Stored data entries
────────────────────
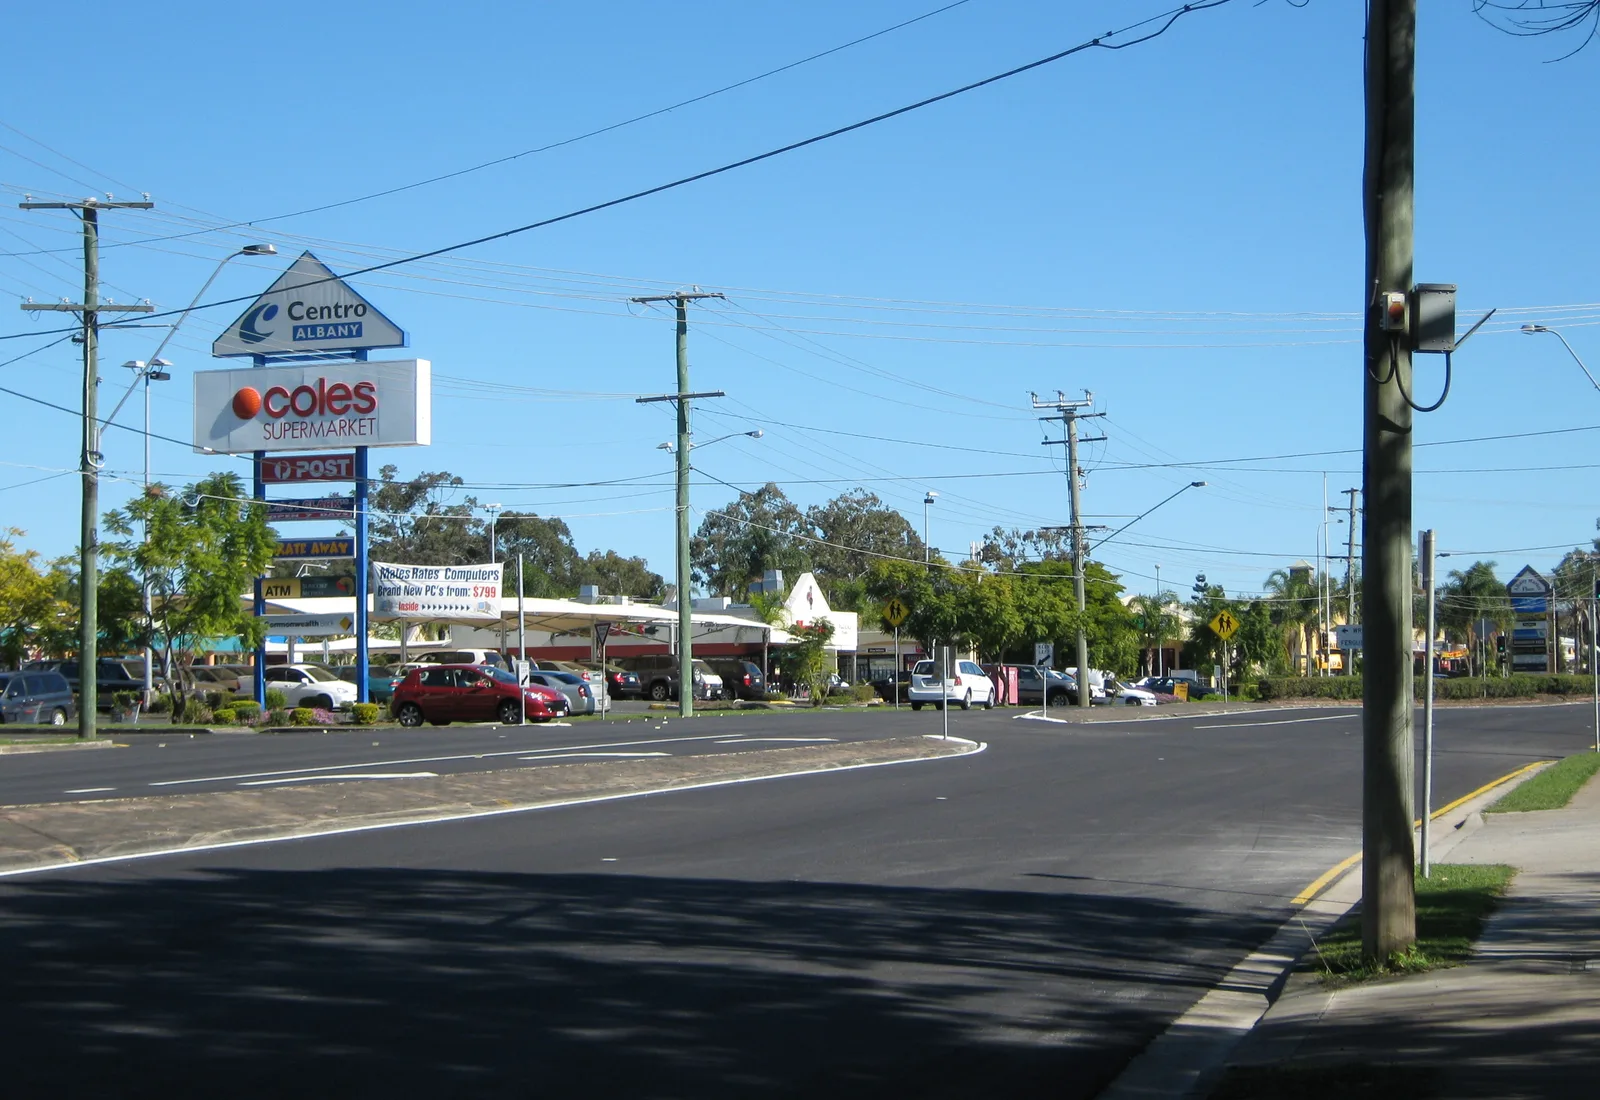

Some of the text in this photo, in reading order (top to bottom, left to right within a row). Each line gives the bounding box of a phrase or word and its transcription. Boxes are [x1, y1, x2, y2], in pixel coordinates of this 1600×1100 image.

[287, 301, 367, 321] Centro
[295, 323, 360, 339] ALBANY
[263, 377, 378, 418] coles
[263, 418, 376, 440] SUPERMARKET
[296, 459, 350, 478] POST
[310, 541, 349, 554] AWAY
[412, 567, 439, 580] Rates
[444, 567, 499, 582] Computers
[265, 585, 291, 597] ATM
[377, 585, 496, 598] Brand New PC's from: $799
[398, 601, 419, 611] Inside
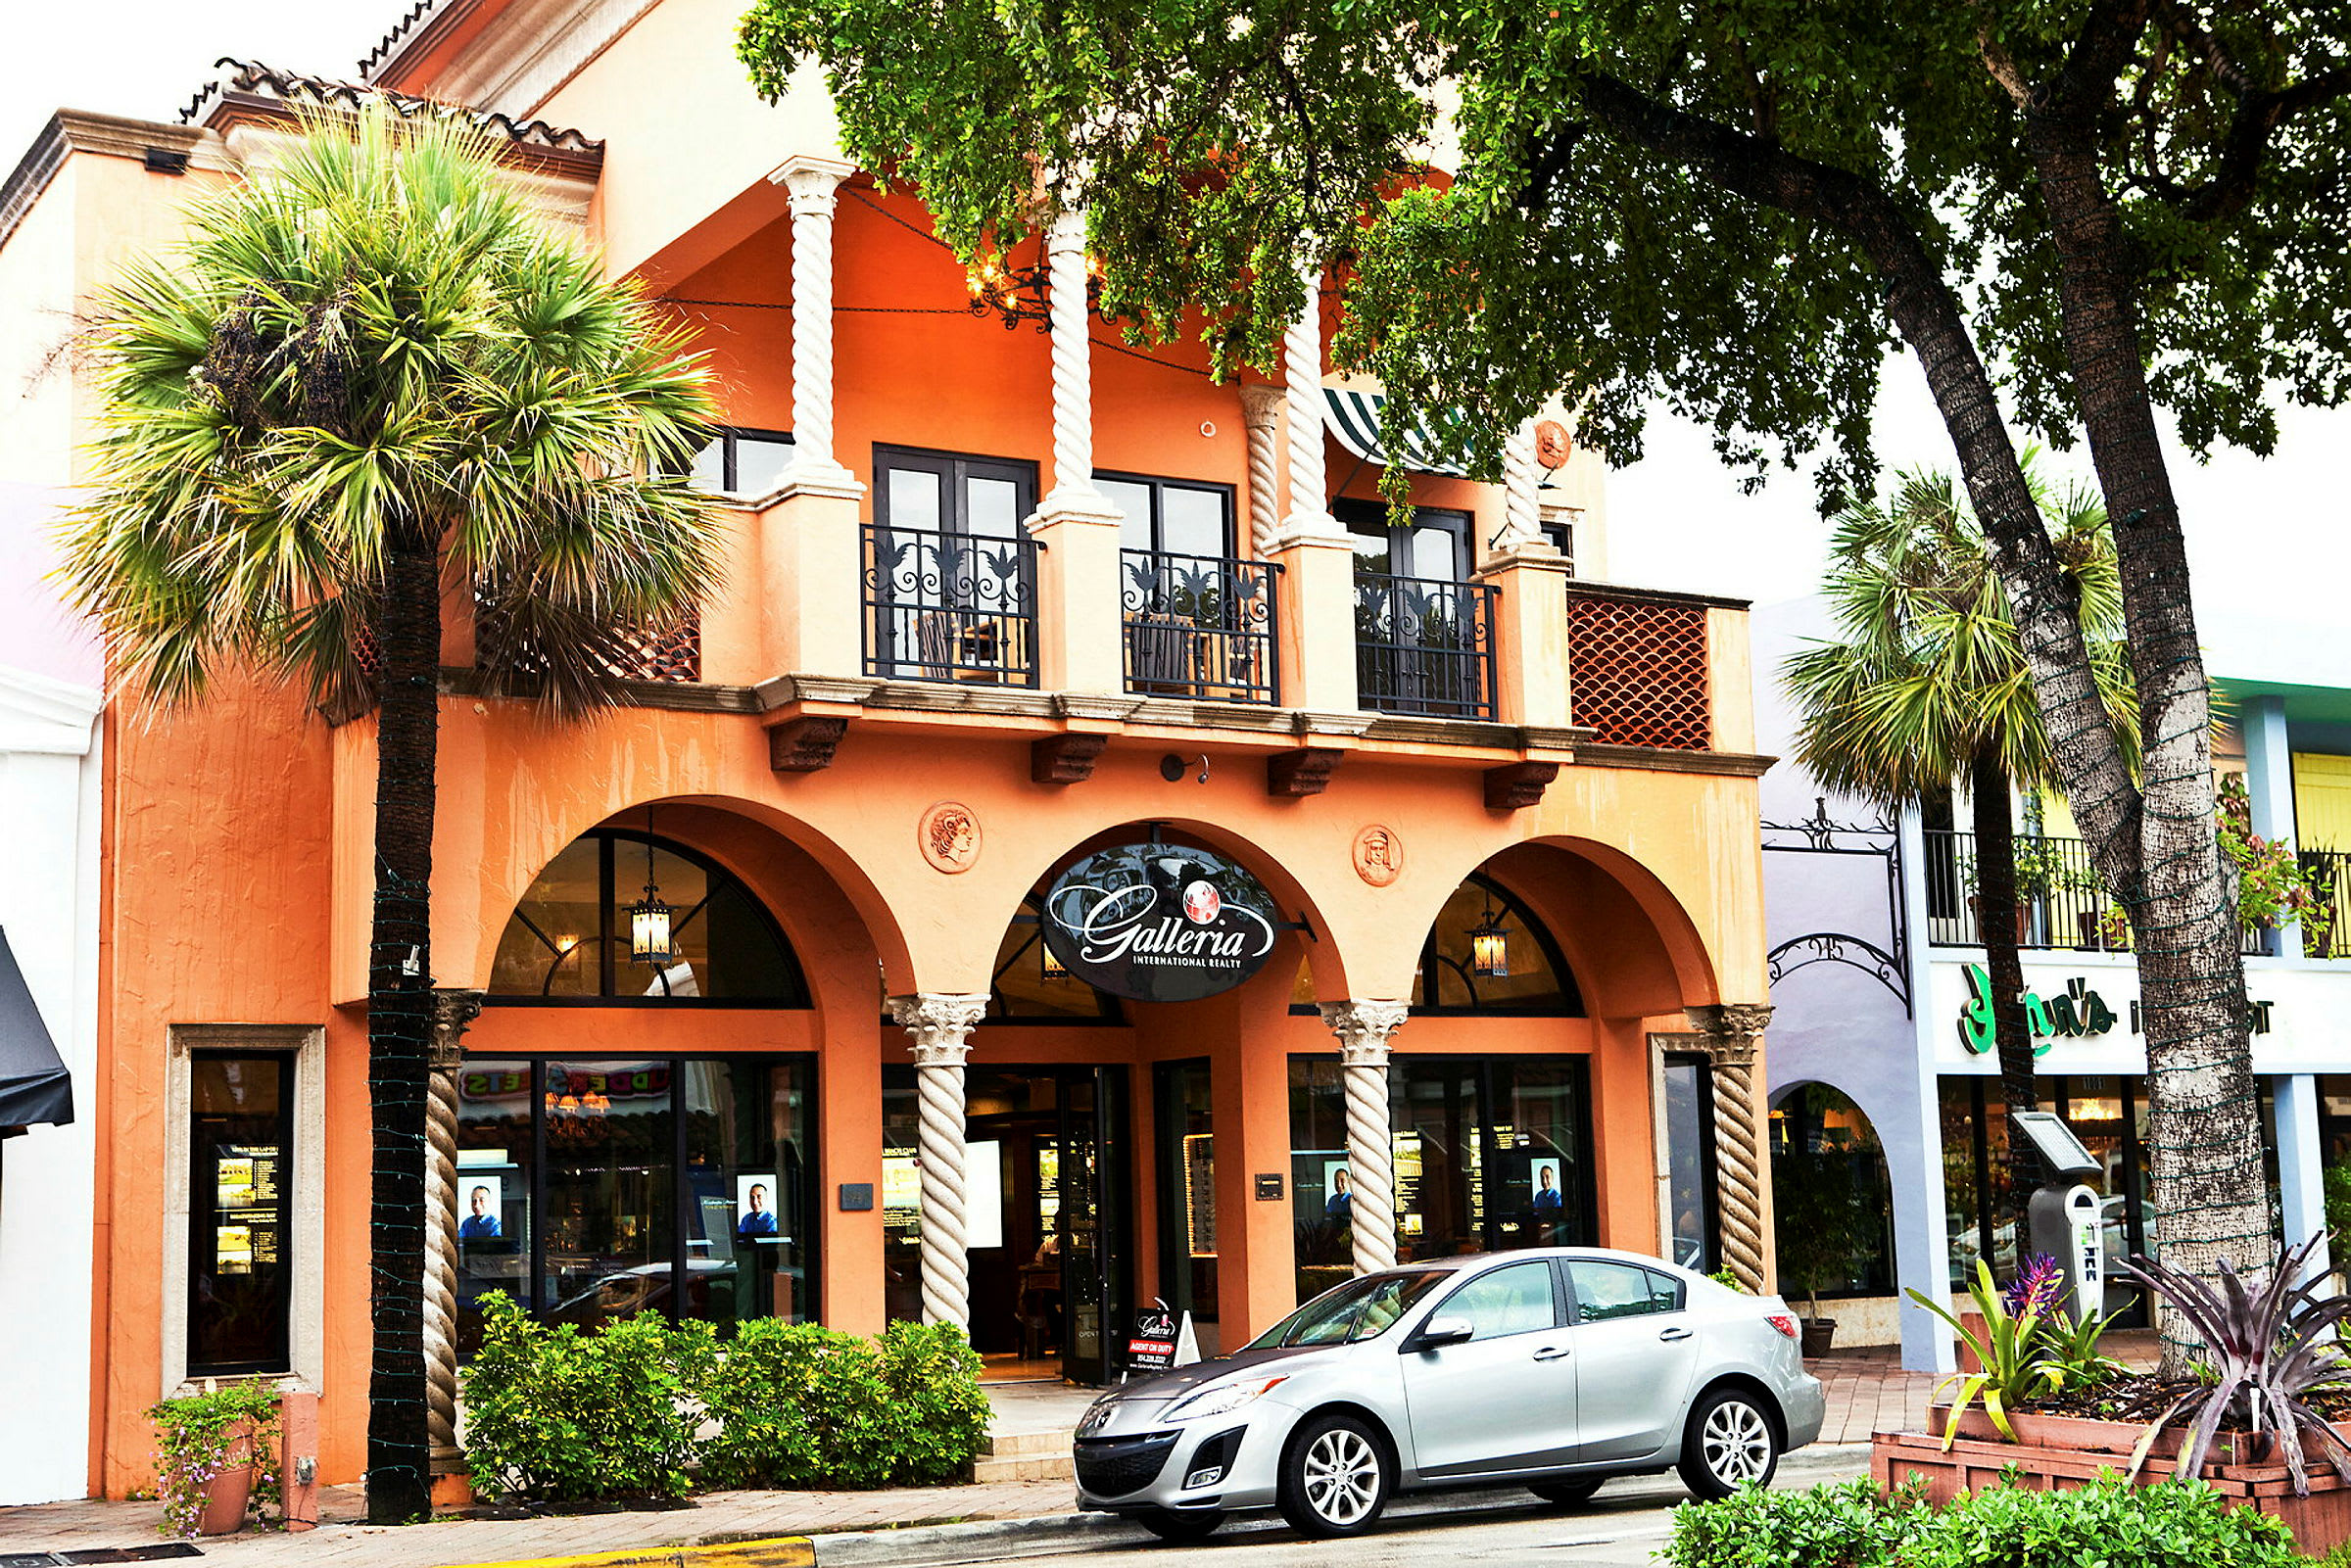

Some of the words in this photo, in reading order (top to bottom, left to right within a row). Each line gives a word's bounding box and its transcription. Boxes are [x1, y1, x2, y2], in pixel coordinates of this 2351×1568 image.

[1049, 884, 1246, 964] Galleria
[1132, 955, 1206, 968] INTERNATIONAL
[1209, 959, 1242, 969] REALTY
[1129, 1342, 1149, 1351] AGENT
[1157, 1345, 1174, 1354] DUTY
────────────────────
- Problem to work on
Could you reproduce, exactly as written, the lines running from the one with "Some of the words" to the end of the entries above?

- Response to the task
Some of the words in this photo, in reading order (top to bottom, left to right within a row). Each line gives a word's bounding box and its transcription. Boxes are [x1, y1, x2, y2], in pixel coordinates of this 2351×1568 image.

[1049, 884, 1246, 964] Galleria
[1132, 955, 1206, 968] INTERNATIONAL
[1209, 959, 1242, 969] REALTY
[1129, 1342, 1149, 1351] AGENT
[1157, 1345, 1174, 1354] DUTY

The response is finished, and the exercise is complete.